A faithful copy of the entries, without any pictures, is what is needed here.

____ DATA SECTION

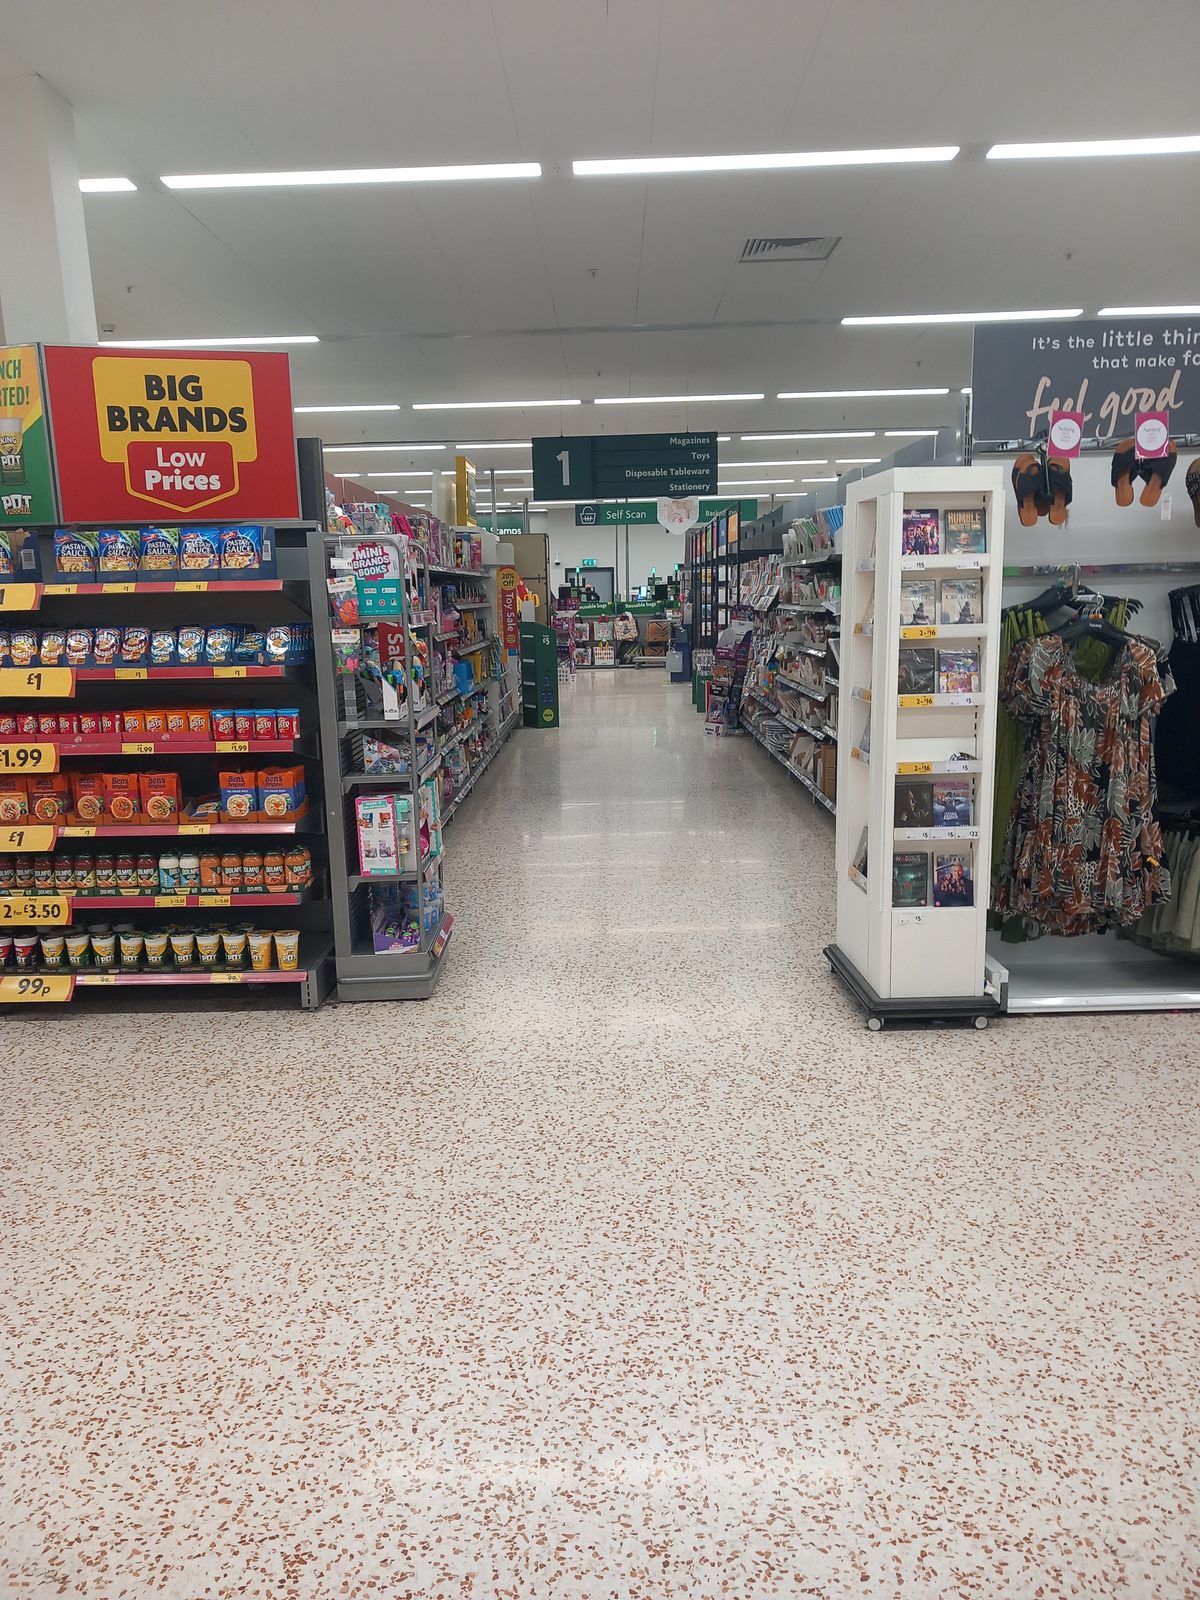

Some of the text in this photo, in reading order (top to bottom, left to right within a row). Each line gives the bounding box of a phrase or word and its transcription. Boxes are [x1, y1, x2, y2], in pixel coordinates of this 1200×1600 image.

[1032, 336, 1061, 350] It's
[1067, 336, 1095, 348] the
[1102, 330, 1154, 347] little
[1092, 355, 1129, 369] that
[1135, 354, 1176, 368] make
[144, 375, 203, 401] BIG
[1096, 369, 1184, 440] good
[106, 405, 248, 433] BRANDS
[669, 436, 710, 447] Magazines
[156, 447, 206, 468] Low
[691, 451, 710, 461] Toys
[556, 450, 570, 486] 1
[625, 467, 710, 480] Disposable Tableware
[145, 469, 222, 491] Prices
[669, 483, 710, 493] Stationery
[1, 493, 33, 508] POT
[606, 510, 647, 520] Self Scan
[948, 511, 981, 525] RUMBLE
[107, 549, 132, 557] SAUCE
[147, 547, 172, 555] SAUCE
[352, 555, 390, 569] BRANDS
[358, 564, 388, 578] BOOKS
[504, 593, 517, 633] Toy Sale
[543, 637, 550, 645] £5
[26, 673, 42, 690] £1
[8, 831, 24, 847] £1
[3, 904, 12, 918] 2
[23, 903, 61, 919] £3.50
[18, 978, 51, 997] 99p
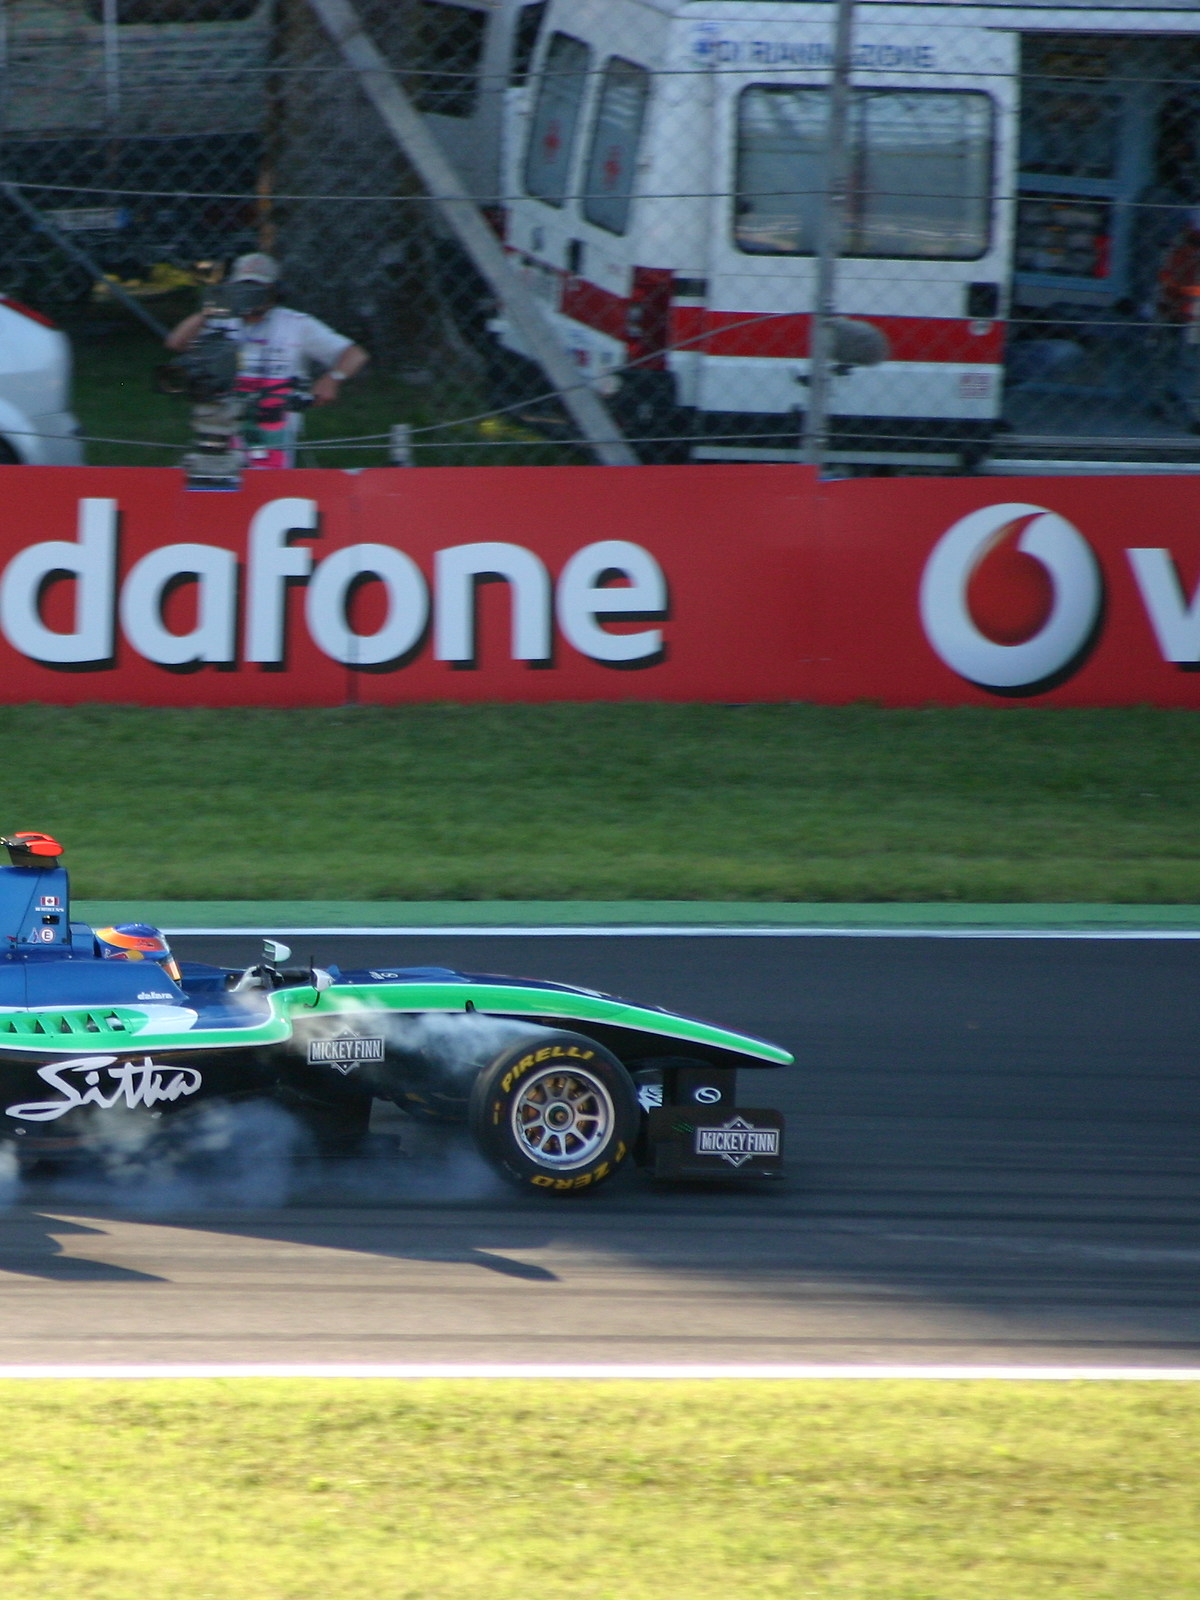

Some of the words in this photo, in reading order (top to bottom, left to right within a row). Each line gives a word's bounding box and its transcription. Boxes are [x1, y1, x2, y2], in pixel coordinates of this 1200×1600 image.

________

### TASK ANSWER:
Some of the text in this photo, in reading order (top to bottom, left to right within a row). Each line gives the bounding box of a phrase or word and its transcription. Boxes are [x1, y1, x2, y2], in pixel coordinates of this 1200×1600 image.

[1032, 336, 1061, 350] It's
[1067, 336, 1095, 348] the
[1102, 330, 1154, 347] little
[1092, 355, 1129, 369] that
[1135, 354, 1176, 368] make
[144, 375, 203, 401] BIG
[1096, 369, 1184, 440] good
[106, 405, 248, 433] BRANDS
[669, 436, 710, 447] Magazines
[156, 447, 206, 468] Low
[691, 451, 710, 461] Toys
[556, 450, 570, 486] 1
[625, 467, 710, 480] Disposable Tableware
[145, 469, 222, 491] Prices
[669, 483, 710, 493] Stationery
[1, 493, 33, 508] POT
[606, 510, 647, 520] Self Scan
[948, 511, 981, 525] RUMBLE
[107, 549, 132, 557] SAUCE
[147, 547, 172, 555] SAUCE
[352, 555, 390, 569] BRANDS
[358, 564, 388, 578] BOOKS
[504, 593, 517, 633] Toy Sale
[543, 637, 550, 645] £5
[26, 673, 42, 690] £1
[8, 831, 24, 847] £1
[3, 904, 12, 918] 2
[23, 903, 61, 919] £3.50
[18, 978, 51, 997] 99p

Some of the words in this photo, in reading order (top to bottom, left to right within a row). Each line gives a word's bounding box and its transcription. Boxes are [x1, y1, x2, y2], in pixel coordinates of this 1200×1600 image.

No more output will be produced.